American Association for the Advancement of Science

新しい研究によると、送粉者であるマルハナバチとチョウは植物がより魅力的な花を咲かせるように助けるが、有害な草食動物は助けないという。というより、多数の草食動物は生息域の植物において、送粉者を引き寄せる魅力は低下させるが、自律的な自家受粉によって子孫を作ることに使うエネルギーは増加させる。植物のこの転換はごくわずかな世代で起こり得る。今回の研究結果によって、相互に作用し合う送粉者と草食動物の複合的な選択圧に応えて植物が急速に進化し、適応することが明らかになった。送粉者は優雅な花のディスプレイに引き付けられる。たとえば色鮮やかで香り高く、蜜も豊富といった特徴を持つ花を咲かせる植物は繁殖能力が上がり、得をする。しかしこれらの特徴は、イモムシなどの草食動物を引き寄せる可能性もある。毒性化合物を生成するなどの防御的特徴は草食動物の撃退に役立つが、送粉者を引き付ける花のディスプレイには悪影響を及ぼす可能性がある。送粉者と草食動物による進化の上のトレードオフは一般的に認められてはいるものの、実証研究では両者によるその影響は一つの淘汰要因として注目されてきた。したがって植物の進化に対して相互に作用する生物の複合影響については分かっていない。Sergio RamosとFlorian Schiestlはこの問題に取り組むべく、生活環の速いカブ群(Brassica rapa)を対象に花の特徴、交雑様式、植物防御の進化について調査を行った。
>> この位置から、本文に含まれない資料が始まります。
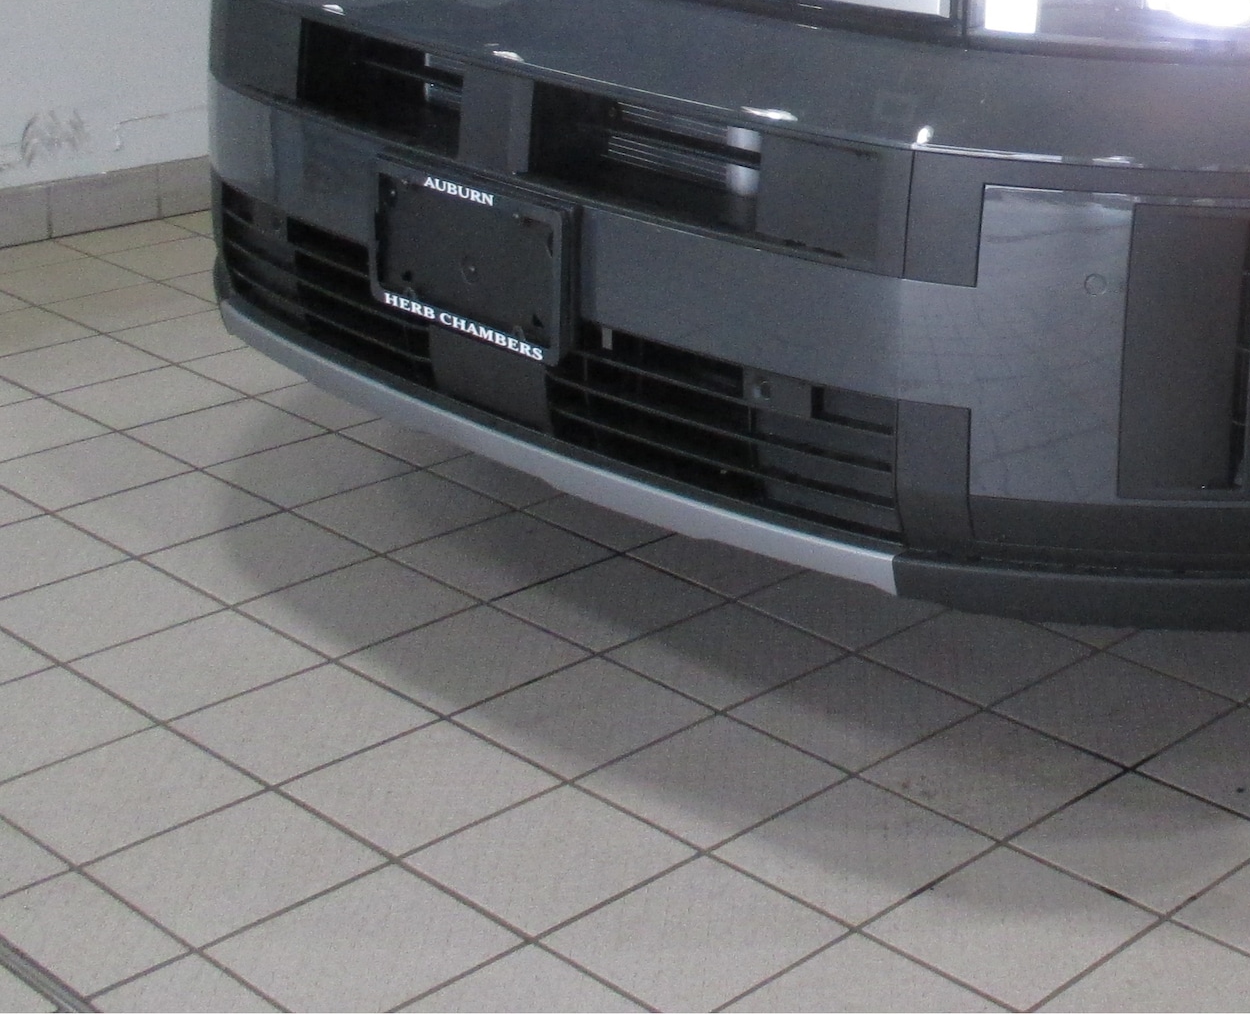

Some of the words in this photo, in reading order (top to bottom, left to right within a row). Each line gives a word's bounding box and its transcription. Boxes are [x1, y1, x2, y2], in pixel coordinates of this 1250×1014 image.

RamosとSchiestlはカブを4つのグループに分け、送粉者マルハナバチと草食動物イモムシが存在する・存在しないを操作し、これらの選択圧が6世代にわたってかかる状況でカブを進化させた。その結果、マルハナバチだけによる選択圧を受けたカブ(B. rapa)の花はより大きく、香りもより強く進化したが、こういった特徴はイモムシが存在するとほとんど目立たなくなることが判明した。さらに、ハチとイモムシの両者による選択圧を受けたカブは自律的な自家受粉によって子孫を作る能力がより強く進化した。その上、これら特徴の進化は急速で、わずか6世代後には分断選択を受けた種が現れた。関係するPerspectiveでは、Jon Agrenがこの研究についてより詳しく論じている。